George has come a long way and has some serious staying power. When I was a kid we watched the old claymation stories on tv. I distinctly remember wondering how a puzzle piece that George swallowed and had to have removed surgically could possibly still fit in the puzzle. My daughters watched Curious George the movie, and the follow-up PBS Kids show. George may be a monkey, but his curiosity is equaled by most four year olds. Maybe that’s why we love him so much, at one point or another, we were all our own version of Curious George.

Masquerade

I ran by the thrift store today and picked up a few treasures. The Tale of Peter Rabbit, The Tale of Benjamin Bunny, Beauty and the Beast (by Jan Bret), and the book that really intrigued me, Masquerade by Kit Williams.

The book starts off with an interesting inscription:

Within the pages of this book there is a story told

Of love, adventures, fortunes lost, and a jewel of solid gold.

To solve the hidden riddle, you must use your eyes,

And find the hare in every picture that may point you to the prize.

I leafed through the book and was pleasantly surprised to find that each painted illustration has a hare hidden in it. Each illustration also has a border of words that has certain letters highlighted, though I think that is a red herring.

The story is of Jack Hare delivering a token of love to the Sun from the Moon. It has riddles scattered throughout the story and the prose is poetic.

When I went to a Google search for the cover art, I saw that there was a lot more to this story that I originally realized. From reading the Wikipedia entry, I learned the book was originally published in 1979 in Britain, and it contained clues to find a real 18 karat gold hare, buried in England.

The process to solve the clues is more complex than just looking for hidden hares, and people loved it. It created an entire genre of picture books, called Armchair Treasure Hunts.

I would love to see something like this today, in America. What a fun way to spur readers to truly look at a book.

Dear Reader,

If you read this book again, you might discover where hare lost the jewel.

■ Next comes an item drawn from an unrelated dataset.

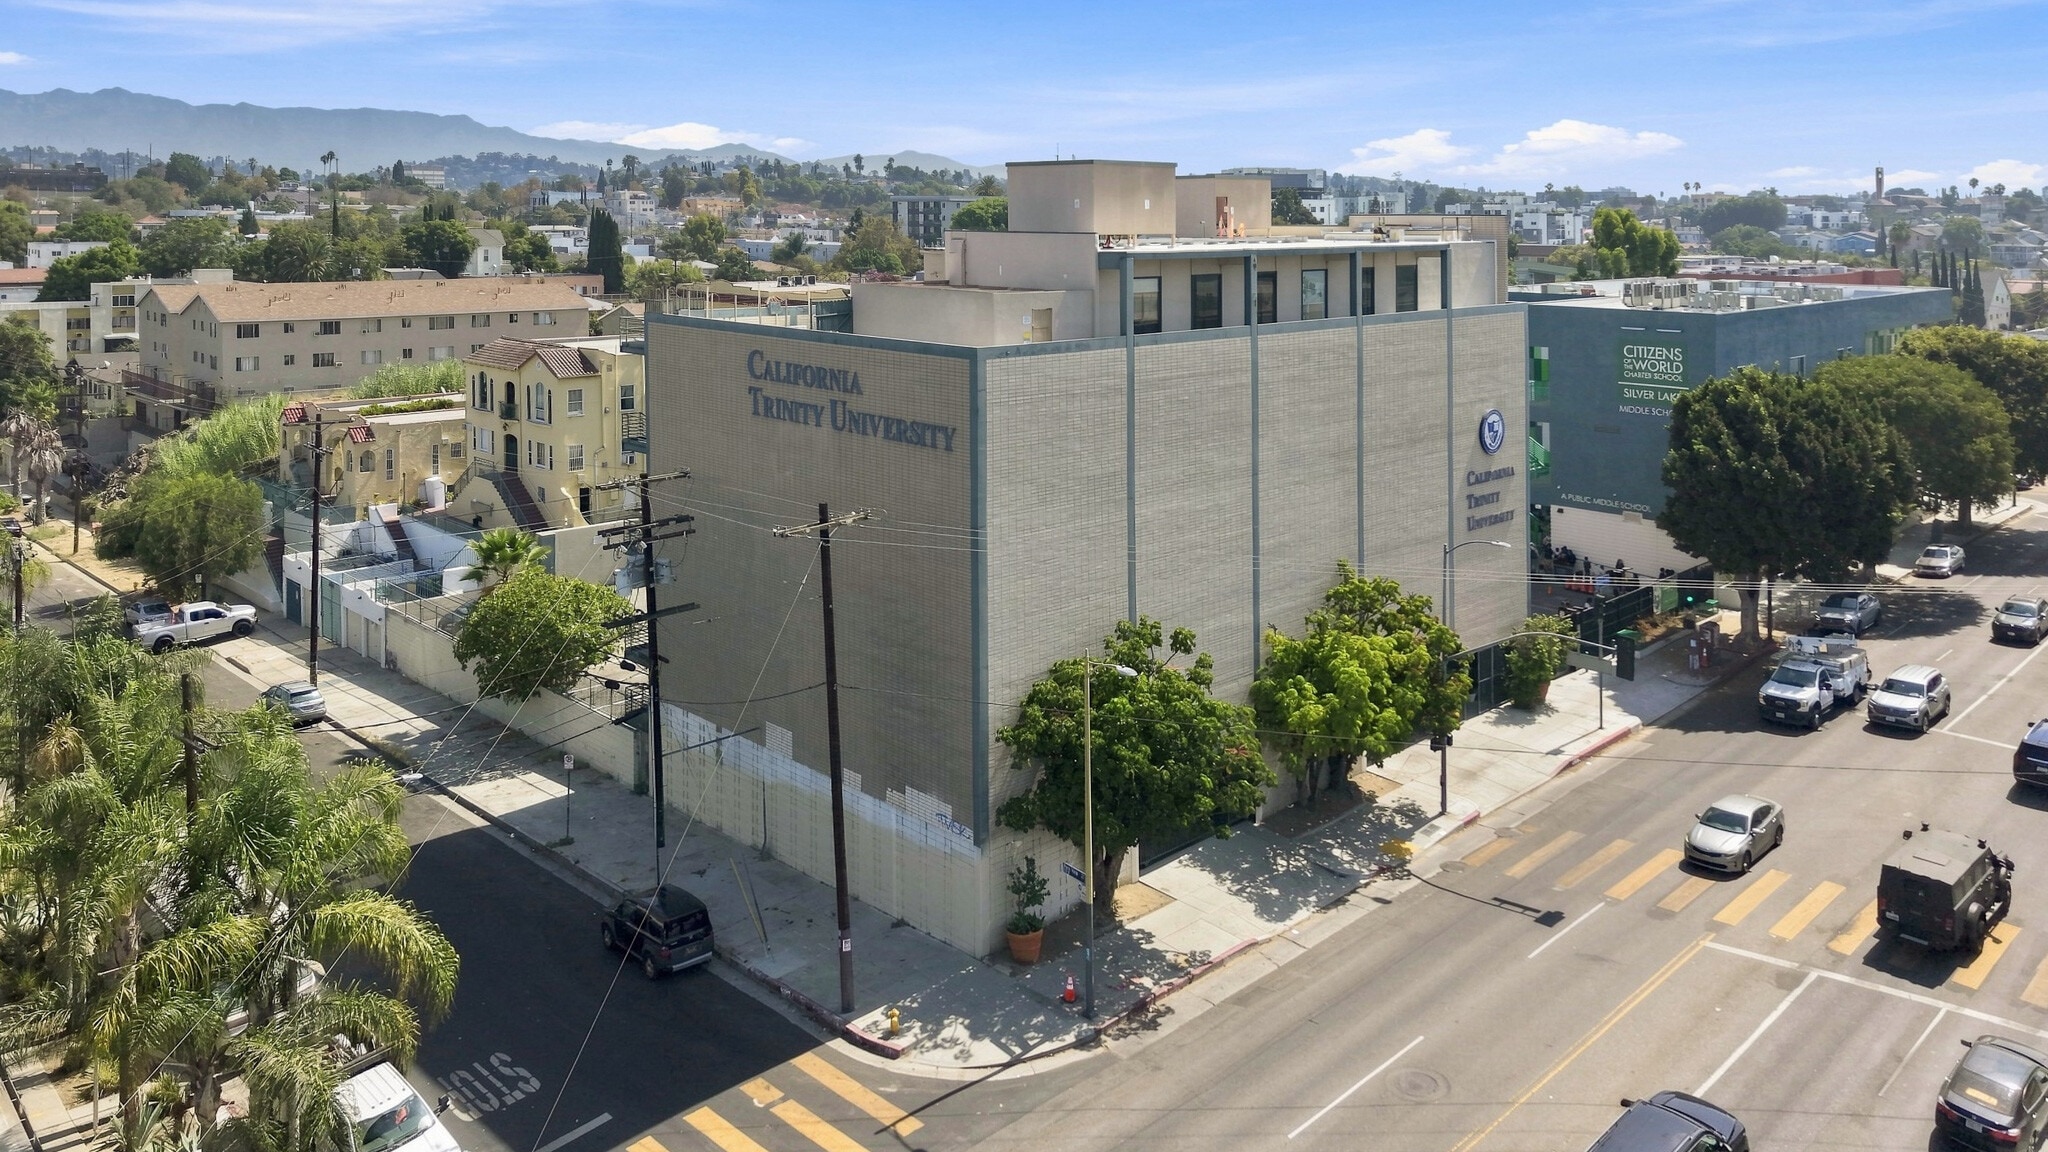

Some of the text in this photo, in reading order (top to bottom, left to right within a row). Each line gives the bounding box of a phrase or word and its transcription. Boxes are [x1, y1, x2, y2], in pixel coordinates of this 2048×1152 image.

If you do, then go and find it, and keep it for yourself, but remember:

The best of men is only man at best,

And a hare, as everyone knows, is only a hare.

Madeline Finn and the Library Dog

Honestly, I think I’d be lost without Epic! eBooks. I have been able to build my lesson plans far beyond just stories with them, and blessedly, it’s free for educators. Today’s book comes from Epic! But I’d buy it in hard copy in a heartbeat.

Madeline Finn doesn’t like to read. She is similar to many early readers in that respect. She really dislikes reading aloud. That is true of many readers, not just kids. Madeline stumbles over words and can hear giggles when it happens. She doesn’t want a ‘Keep Trying’ sticker, she wants s gold star. One day though, Madeline meets someone who won’t giggle and doesn’t try to be overly encouraging. The library dog just listens.

Suddenly, Madeline has a reason to look forward to reading. She does have to work with another dog at one point, but the reason for her new friend’s absence is worth it.

I really liked the message in this book. I know a lot of kids who dread reading aloud and more than a few adults. I do readers’ theater with my students sometimes but the worst possible thing is being corrected by another student. It’s a legitimate reason to be embarrassed.

I have not figured out yet how to bring dogs into my library for a program like this, but I’d love Love LOVE to see it happen. And if I do find a way, I found a great recipe to make treats!